埃洛斯与沙米翁的对话
我将给你带来烈火。
——欧里庇得斯《安德洛玛克》
埃洛斯:你为什么叫我埃洛斯?
沙米翁:从今以后你就叫埃洛斯。你也必须忘掉我在地球上的名字,而叫我沙米翁。
埃洛斯:这真不是梦!
沙米翁:我们从此不再有梦——只有以后的奥秘。我很高兴看见你恢复生气而且神志清醒,你眼睛上的那层翳也已经消失。勇敢点儿,啥也别怕。你命定的昏迷期已经结束,明天,我将亲自引你进入你充满了欢乐与奇妙的崭新生活。
埃洛斯:真的——我不再感到昏迷,一点儿也不。那种强烈的恶心和可怕的黑暗已离我而去。我不再听见那种疯狂的、奔腾的、吓人的声音,那种像“洪流滚滚的声音”。但是,沙米翁,这种新的知觉如此敏锐,我的感官现在不知所措。
沙米翁:过几天就会好的。不过,我非常理解你,同情你。按地球上的时间计算,我经受你此刻所受的这种痛苦已经是十年前的事了——但那种记忆现在还缠着我。然而,你将在庄严世界经受的痛苦,你现在已经全部经受了。
埃洛斯:庄严世界?
沙米翁:庄严世界。
埃洛斯:天哪!可怜可怜我吧,沙米翁!我现在最承受不了的就是庄严——过去不知而现在所知的庄严,那淹没在威严而确切的现在中的纯理性未来之庄严。

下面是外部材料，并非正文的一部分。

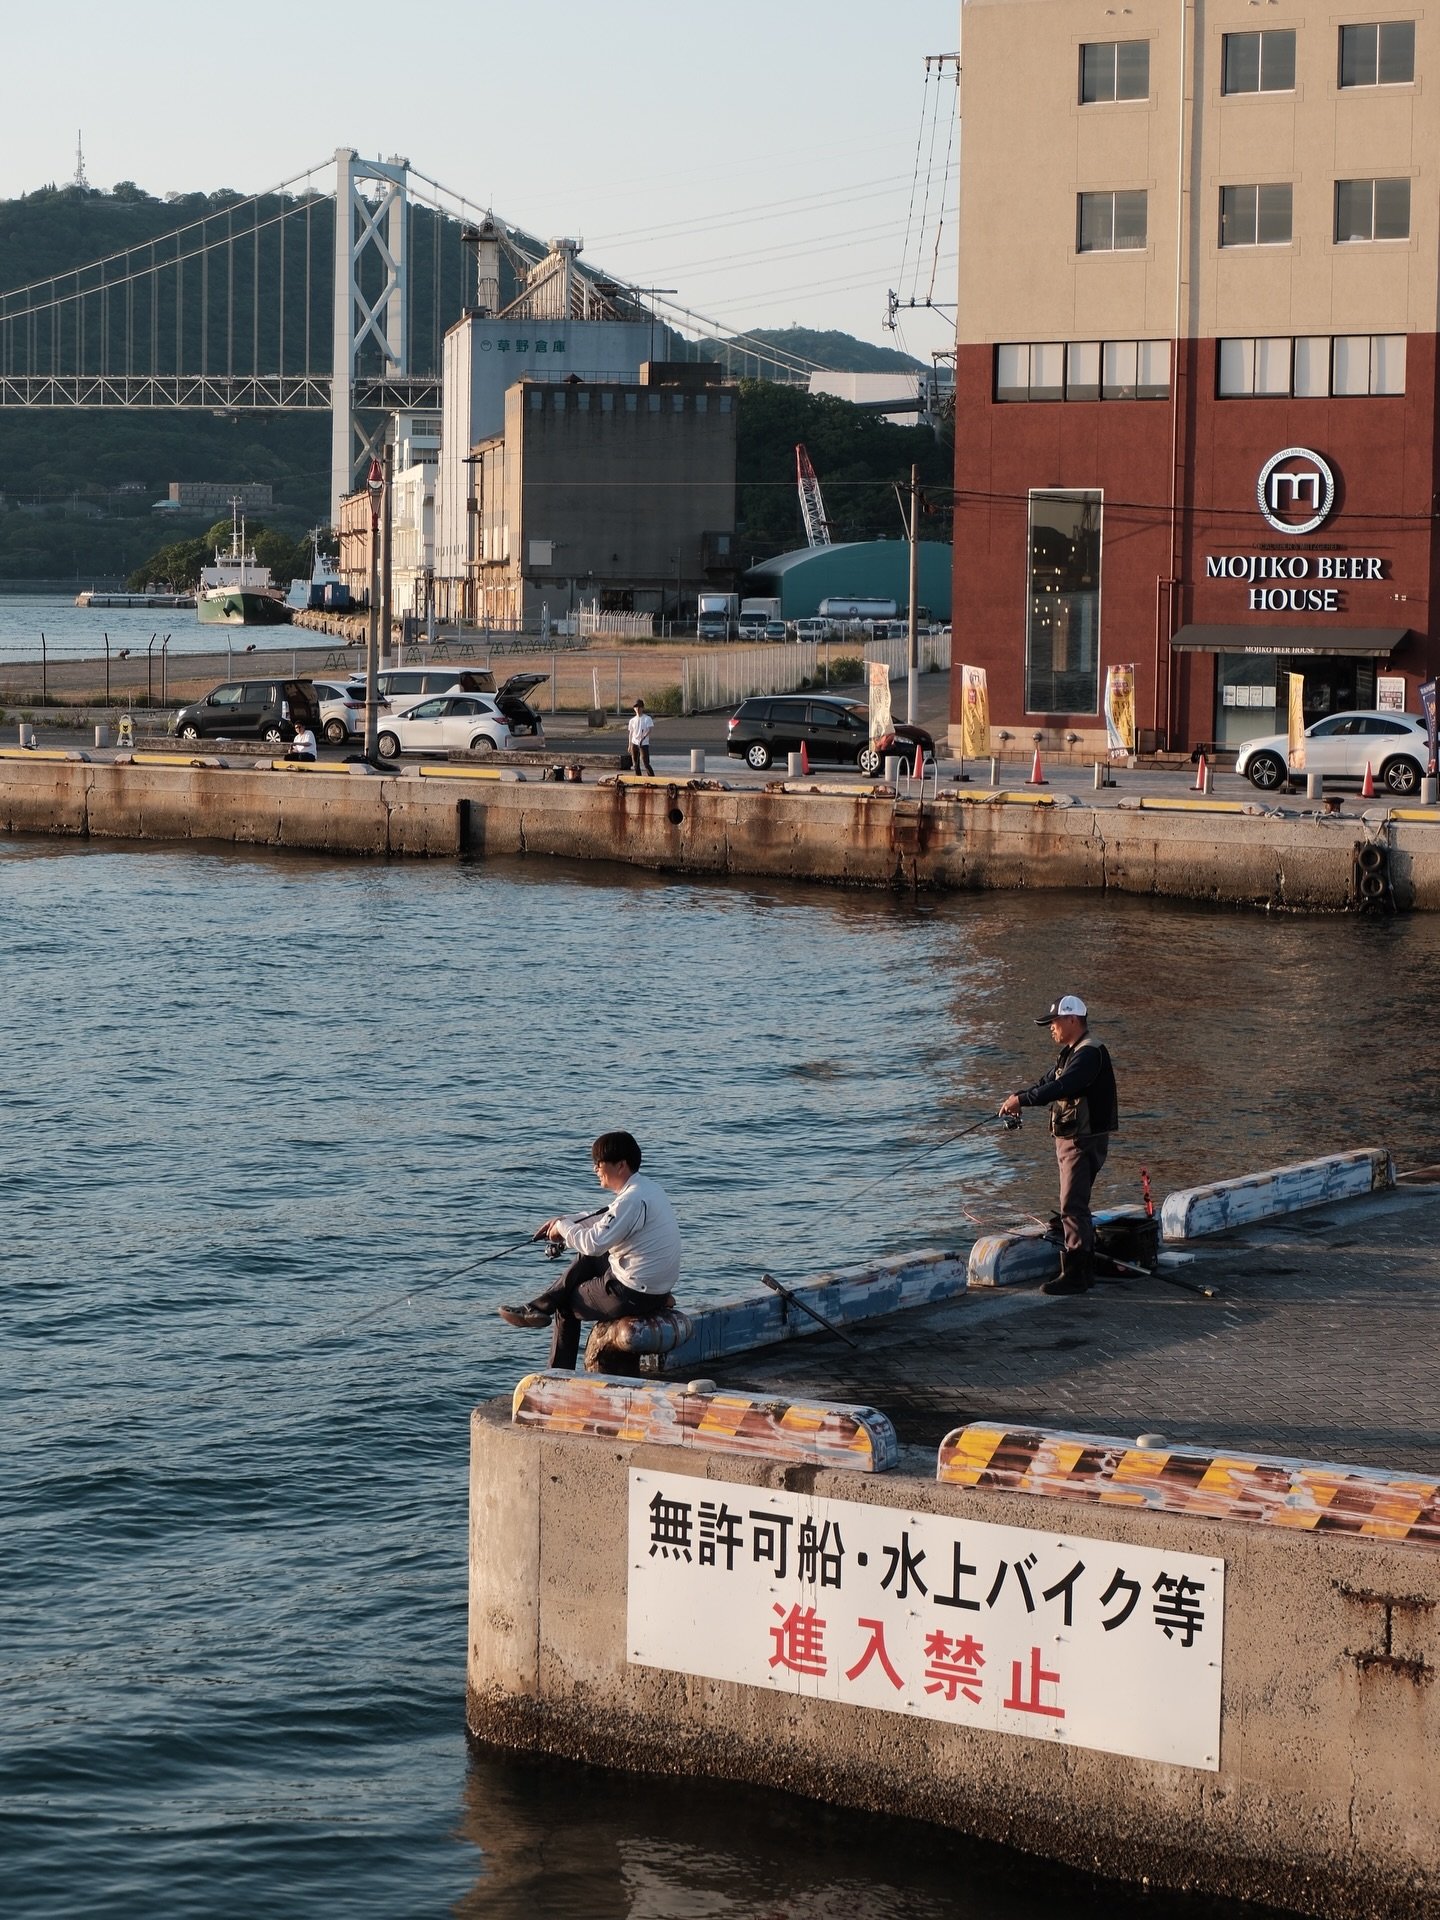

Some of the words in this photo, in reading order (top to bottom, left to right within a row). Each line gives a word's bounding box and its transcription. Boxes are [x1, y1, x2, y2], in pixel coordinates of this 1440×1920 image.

[497, 340, 566, 352] 草野倉庫
[1206, 556, 1309, 583] MOJIKO
[1317, 557, 1384, 580] BEER
[1249, 588, 1339, 612] HOUSE
[1245, 646, 1272, 654] MOJIKO
[650, 1491, 1204, 1647] 無許可船・水上バイク等
[769, 1603, 1064, 1718] 進入禁止

沙米翁:现在别去苦苦思考这种事情,这我们明天再谈吧。你现在心绪不宁,而简单地回忆一下往事可以使它平静。别瞧四周,也别朝前望——往后看。我正迫不及待地想听听那场把你抛到我们之中的惊人事件的经过。给我讲讲吧。让我们来谈一些熟悉的事情,用那种已如此可怕地消亡的我们所熟悉的地球语言。
埃洛斯:太可怕了,太可怕了!这真不是梦。
沙米翁:梦已一去不返。当时他们很为我哀痛吗,我的埃洛斯?
埃洛斯:哀痛,沙米翁?哦,悲恸欲绝。在那个最后的时刻,你们全家都被一片愁云惨雾笼罩。
沙米翁:那个最后的时刻——就谈它吧。记住,除了那场明摆着的大灾难本身,别的我啥也不知道。当我离开人类,经过坟墓进入黑夜——在那个时候,如果我没记错的话,这场毁了你们的灾难可谁也没料到。不过,我对当时的思辨哲学的确了解不多。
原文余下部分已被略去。